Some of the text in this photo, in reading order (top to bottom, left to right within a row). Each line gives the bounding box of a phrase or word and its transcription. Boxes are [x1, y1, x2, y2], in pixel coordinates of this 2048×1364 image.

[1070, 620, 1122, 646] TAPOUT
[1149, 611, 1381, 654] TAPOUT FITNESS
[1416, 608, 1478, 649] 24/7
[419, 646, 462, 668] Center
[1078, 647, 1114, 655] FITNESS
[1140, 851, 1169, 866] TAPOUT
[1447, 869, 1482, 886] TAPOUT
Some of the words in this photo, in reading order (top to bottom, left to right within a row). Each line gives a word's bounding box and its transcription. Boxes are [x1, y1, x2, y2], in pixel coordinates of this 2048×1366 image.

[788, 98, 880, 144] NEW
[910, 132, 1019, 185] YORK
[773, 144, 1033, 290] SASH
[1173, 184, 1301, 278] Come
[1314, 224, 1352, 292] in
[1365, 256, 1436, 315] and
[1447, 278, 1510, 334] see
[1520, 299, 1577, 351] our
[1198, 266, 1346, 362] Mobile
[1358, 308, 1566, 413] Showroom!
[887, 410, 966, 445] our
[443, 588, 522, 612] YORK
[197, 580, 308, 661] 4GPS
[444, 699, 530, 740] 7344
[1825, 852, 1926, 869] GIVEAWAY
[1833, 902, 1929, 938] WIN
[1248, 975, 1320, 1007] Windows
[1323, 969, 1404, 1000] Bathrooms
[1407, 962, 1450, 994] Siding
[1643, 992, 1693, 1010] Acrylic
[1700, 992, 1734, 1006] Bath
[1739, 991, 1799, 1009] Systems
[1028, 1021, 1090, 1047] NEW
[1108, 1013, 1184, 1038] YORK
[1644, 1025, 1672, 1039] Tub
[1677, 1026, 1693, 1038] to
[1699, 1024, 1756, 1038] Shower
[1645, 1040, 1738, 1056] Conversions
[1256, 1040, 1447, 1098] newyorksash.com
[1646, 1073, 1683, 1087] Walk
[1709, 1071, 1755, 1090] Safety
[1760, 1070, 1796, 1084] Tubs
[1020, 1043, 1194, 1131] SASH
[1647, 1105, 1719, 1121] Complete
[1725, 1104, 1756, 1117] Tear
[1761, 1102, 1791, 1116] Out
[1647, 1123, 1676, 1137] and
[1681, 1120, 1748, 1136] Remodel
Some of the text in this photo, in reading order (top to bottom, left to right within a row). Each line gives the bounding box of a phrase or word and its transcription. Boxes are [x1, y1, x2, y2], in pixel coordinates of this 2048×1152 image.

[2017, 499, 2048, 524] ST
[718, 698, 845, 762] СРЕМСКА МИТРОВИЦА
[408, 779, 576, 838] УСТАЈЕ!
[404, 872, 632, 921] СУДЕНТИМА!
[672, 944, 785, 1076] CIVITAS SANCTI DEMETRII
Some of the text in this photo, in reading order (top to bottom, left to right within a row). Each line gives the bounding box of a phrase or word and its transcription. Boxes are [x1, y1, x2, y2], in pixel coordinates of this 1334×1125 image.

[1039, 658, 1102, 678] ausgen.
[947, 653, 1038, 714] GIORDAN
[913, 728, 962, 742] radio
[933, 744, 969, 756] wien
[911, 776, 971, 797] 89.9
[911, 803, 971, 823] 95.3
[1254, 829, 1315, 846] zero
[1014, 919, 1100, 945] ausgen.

* [What you are asked to do]
From the first line to the last, return the data above exactly.

* [Solution to this problem]
Some of the text in this photo, in reading order (top to bottom, left to right within a row). Each line gives the bounding box of a phrase or word and its transcription. Boxes are [x1, y1, x2, y2], in pixel coordinates of this 2048×1364 image.

[1070, 620, 1122, 646] TAPOUT
[1149, 611, 1381, 654] TAPOUT FITNESS
[1416, 608, 1478, 649] 24/7
[419, 646, 462, 668] Center
[1078, 647, 1114, 655] FITNESS
[1140, 851, 1169, 866] TAPOUT
[1447, 869, 1482, 886] TAPOUT
Some of the words in this photo, in reading order (top to bottom, left to right within a row). Each line gives a word's bounding box and its transcription. Boxes are [x1, y1, x2, y2], in pixel coordinates of this 2048×1366 image.

[788, 98, 880, 144] NEW
[910, 132, 1019, 185] YORK
[773, 144, 1033, 290] SASH
[1173, 184, 1301, 278] Come
[1314, 224, 1352, 292] in
[1365, 256, 1436, 315] and
[1447, 278, 1510, 334] see
[1520, 299, 1577, 351] our
[1198, 266, 1346, 362] Mobile
[1358, 308, 1566, 413] Showroom!
[887, 410, 966, 445] our
[443, 588, 522, 612] YORK
[197, 580, 308, 661] 4GPS
[444, 699, 530, 740] 7344
[1825, 852, 1926, 869] GIVEAWAY
[1833, 902, 1929, 938] WIN
[1248, 975, 1320, 1007] Windows
[1323, 969, 1404, 1000] Bathrooms
[1407, 962, 1450, 994] Siding
[1643, 992, 1693, 1010] Acrylic
[1700, 992, 1734, 1006] Bath
[1739, 991, 1799, 1009] Systems
[1028, 1021, 1090, 1047] NEW
[1108, 1013, 1184, 1038] YORK
[1644, 1025, 1672, 1039] Tub
[1677, 1026, 1693, 1038] to
[1699, 1024, 1756, 1038] Shower
[1645, 1040, 1738, 1056] Conversions
[1256, 1040, 1447, 1098] newyorksash.com
[1646, 1073, 1683, 1087] Walk
[1709, 1071, 1755, 1090] Safety
[1760, 1070, 1796, 1084] Tubs
[1020, 1043, 1194, 1131] SASH
[1647, 1105, 1719, 1121] Complete
[1725, 1104, 1756, 1117] Tear
[1761, 1102, 1791, 1116] Out
[1647, 1123, 1676, 1137] and
[1681, 1120, 1748, 1136] Remodel
Some of the text in this photo, in reading order (top to bottom, left to right within a row). Each line gives the bounding box of a phrase or word and its transcription. Boxes are [x1, y1, x2, y2], in pixel coordinates of this 2048×1152 image.

[2017, 499, 2048, 524] ST
[718, 698, 845, 762] СРЕМСКА МИТРОВИЦА
[408, 779, 576, 838] УСТАЈЕ!
[404, 872, 632, 921] СУДЕНТИМА!
[672, 944, 785, 1076] CIVITAS SANCTI DEMETRII
Some of the text in this photo, in reading order (top to bottom, left to right within a row). Each line gives the bounding box of a phrase or word and its transcription. Boxes are [x1, y1, x2, y2], in pixel coordinates of this 1334×1125 image.

[1039, 658, 1102, 678] ausgen.
[947, 653, 1038, 714] GIORDAN
[913, 728, 962, 742] radio
[933, 744, 969, 756] wien
[911, 776, 971, 797] 89.9
[911, 803, 971, 823] 95.3
[1254, 829, 1315, 846] zero
[1014, 919, 1100, 945] ausgen.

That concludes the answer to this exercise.